A hybrid genetic–BP algorithm approach for thermal conductivity modeling of nanofluid containing silver nanoparticles coated with PVP

Abstract

Since nanoparticles play a significant role in increasing the thermal conductivity of fluids, the present study aims to predict the thermal conductivity of silver nanofluid coated with polyvinylpyrrolidone (PVP) by the combinational model of multilayer perceptron artificial neural network and genetic algorithm. For modeling, the results of experimental measurements have been used for thermal conductivity of nanofluid containing PVP-coated silver nanoparticle-based deionized water at 25–55 °C in volume fraction of 250 ppm, 500 ppm and 1000 ppm. Henceforth, genetic algorithm is applied to improve learning process in the artificial neural network.

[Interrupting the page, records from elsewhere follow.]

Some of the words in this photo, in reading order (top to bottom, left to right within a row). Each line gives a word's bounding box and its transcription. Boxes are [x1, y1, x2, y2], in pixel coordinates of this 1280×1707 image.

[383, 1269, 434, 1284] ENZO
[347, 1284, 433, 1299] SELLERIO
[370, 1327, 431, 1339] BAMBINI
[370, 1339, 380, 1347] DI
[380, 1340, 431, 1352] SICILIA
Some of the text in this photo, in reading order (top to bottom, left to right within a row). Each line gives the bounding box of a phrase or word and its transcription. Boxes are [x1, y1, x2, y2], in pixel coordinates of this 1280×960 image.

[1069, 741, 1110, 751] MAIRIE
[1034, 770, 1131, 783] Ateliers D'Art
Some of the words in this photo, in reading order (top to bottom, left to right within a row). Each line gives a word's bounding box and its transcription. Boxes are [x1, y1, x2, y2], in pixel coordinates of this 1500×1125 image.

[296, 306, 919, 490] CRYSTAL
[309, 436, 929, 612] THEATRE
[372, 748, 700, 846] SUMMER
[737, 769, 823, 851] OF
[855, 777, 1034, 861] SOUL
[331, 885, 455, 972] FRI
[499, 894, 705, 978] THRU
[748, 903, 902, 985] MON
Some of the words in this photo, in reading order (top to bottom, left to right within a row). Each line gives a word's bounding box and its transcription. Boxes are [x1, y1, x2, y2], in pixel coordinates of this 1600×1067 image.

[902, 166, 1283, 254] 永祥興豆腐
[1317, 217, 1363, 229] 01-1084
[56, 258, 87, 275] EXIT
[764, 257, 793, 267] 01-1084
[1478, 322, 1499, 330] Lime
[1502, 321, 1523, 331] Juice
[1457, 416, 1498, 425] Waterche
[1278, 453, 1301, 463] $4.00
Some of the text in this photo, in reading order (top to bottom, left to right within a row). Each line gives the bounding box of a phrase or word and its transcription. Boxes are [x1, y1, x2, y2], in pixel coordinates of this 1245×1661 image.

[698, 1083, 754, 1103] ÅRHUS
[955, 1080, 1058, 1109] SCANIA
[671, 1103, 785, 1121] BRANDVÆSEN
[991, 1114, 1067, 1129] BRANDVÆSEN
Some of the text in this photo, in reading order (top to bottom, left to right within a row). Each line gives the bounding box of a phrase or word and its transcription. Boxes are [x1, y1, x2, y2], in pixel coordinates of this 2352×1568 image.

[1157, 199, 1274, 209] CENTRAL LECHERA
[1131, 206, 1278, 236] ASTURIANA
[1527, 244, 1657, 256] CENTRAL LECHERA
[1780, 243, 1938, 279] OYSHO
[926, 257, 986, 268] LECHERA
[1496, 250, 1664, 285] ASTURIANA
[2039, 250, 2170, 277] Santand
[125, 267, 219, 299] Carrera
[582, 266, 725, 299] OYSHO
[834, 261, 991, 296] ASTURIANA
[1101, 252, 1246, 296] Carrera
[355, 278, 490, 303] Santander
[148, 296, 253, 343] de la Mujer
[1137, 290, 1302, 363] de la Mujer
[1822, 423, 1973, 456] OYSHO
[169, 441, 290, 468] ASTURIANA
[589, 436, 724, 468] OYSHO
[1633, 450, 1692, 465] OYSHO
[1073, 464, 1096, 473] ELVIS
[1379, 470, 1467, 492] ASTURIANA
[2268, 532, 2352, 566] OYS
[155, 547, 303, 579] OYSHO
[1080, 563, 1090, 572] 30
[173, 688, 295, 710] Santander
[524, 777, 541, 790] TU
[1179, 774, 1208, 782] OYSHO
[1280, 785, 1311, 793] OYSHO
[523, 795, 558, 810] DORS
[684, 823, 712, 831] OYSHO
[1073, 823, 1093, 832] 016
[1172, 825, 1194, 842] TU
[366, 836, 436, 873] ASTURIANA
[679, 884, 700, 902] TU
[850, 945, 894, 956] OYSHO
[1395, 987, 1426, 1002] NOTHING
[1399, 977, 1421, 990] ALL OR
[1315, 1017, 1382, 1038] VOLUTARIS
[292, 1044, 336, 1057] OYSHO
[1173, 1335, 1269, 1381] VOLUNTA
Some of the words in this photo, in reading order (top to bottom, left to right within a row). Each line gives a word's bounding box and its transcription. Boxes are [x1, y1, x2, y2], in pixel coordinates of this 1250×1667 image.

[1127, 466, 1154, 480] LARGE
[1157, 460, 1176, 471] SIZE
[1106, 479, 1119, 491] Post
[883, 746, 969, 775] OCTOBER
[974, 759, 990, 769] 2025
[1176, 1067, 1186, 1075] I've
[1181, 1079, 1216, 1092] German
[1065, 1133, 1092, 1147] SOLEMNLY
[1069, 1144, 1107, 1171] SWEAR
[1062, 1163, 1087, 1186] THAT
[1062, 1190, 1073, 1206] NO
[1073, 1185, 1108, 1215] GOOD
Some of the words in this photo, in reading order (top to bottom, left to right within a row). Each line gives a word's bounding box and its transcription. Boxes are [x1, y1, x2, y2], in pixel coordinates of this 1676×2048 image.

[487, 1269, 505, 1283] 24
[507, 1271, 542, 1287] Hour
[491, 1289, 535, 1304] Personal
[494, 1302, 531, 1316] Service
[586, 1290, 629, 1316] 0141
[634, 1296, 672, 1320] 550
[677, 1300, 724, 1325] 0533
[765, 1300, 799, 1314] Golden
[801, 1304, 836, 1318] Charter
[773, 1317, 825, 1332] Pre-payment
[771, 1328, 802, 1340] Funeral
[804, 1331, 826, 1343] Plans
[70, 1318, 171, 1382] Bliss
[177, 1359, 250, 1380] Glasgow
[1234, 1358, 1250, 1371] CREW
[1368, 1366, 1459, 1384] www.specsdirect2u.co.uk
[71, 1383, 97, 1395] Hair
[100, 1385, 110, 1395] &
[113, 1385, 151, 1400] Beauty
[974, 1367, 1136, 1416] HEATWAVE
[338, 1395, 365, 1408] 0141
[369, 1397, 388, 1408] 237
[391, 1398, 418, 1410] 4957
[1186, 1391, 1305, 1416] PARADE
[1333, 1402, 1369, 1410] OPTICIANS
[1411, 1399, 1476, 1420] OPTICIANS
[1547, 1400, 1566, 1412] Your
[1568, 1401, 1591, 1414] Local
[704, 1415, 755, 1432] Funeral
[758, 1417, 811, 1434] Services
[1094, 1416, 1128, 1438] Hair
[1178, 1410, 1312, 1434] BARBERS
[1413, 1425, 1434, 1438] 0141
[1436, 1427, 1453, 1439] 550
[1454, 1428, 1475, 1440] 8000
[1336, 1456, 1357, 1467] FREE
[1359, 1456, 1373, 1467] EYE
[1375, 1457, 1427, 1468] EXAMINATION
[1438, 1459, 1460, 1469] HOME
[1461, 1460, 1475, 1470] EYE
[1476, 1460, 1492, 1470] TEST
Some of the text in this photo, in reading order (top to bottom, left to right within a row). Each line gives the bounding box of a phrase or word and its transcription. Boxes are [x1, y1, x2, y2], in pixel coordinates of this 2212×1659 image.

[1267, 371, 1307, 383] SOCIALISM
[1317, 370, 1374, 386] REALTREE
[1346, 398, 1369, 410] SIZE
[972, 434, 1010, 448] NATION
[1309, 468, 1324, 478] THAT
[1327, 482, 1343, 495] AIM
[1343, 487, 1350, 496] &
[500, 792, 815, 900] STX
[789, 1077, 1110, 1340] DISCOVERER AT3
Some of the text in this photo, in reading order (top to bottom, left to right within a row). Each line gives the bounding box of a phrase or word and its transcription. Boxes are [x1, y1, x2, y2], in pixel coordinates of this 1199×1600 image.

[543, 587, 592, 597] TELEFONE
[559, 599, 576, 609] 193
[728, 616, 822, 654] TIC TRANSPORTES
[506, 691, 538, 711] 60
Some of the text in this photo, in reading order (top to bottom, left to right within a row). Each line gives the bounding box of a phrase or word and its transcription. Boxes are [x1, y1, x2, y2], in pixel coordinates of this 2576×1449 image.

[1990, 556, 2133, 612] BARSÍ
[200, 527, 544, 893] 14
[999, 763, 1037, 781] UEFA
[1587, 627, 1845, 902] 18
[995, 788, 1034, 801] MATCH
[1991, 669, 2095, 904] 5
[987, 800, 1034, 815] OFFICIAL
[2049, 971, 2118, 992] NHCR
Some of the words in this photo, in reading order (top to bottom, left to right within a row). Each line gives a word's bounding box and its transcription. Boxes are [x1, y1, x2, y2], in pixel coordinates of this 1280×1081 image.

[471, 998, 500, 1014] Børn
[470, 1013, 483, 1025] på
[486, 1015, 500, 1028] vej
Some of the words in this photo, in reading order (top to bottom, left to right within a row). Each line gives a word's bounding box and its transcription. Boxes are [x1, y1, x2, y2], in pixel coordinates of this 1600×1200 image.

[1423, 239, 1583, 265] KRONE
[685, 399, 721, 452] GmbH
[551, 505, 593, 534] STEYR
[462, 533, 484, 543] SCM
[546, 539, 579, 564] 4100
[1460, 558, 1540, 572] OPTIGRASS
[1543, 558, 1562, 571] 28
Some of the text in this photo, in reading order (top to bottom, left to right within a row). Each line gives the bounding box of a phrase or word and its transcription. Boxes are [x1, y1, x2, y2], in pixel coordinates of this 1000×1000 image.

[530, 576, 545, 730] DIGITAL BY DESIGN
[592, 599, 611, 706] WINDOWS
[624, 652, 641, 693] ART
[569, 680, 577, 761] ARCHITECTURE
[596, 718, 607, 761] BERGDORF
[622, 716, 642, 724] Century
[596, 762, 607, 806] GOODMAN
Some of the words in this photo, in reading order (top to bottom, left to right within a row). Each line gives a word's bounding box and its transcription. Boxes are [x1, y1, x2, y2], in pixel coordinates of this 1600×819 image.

It is in this way that the masses were chosen for each neuron’s communications as well as their bias happens according to optimization performed by the genetic algorithm. To evaluate the accuracy of the model in predicting thermal conductivity of nanofluid, mean absolute percentage error, root mean square error, coefficient of determination (R2) and mean bias error have exerted indices which are 1.202, 0.345, 0.989 and − 0.016, respectively. The results of the indices and predictions, compared to the experimental results, show high accuracy and reliable combinational model of artificial neural network and genetic algorithm.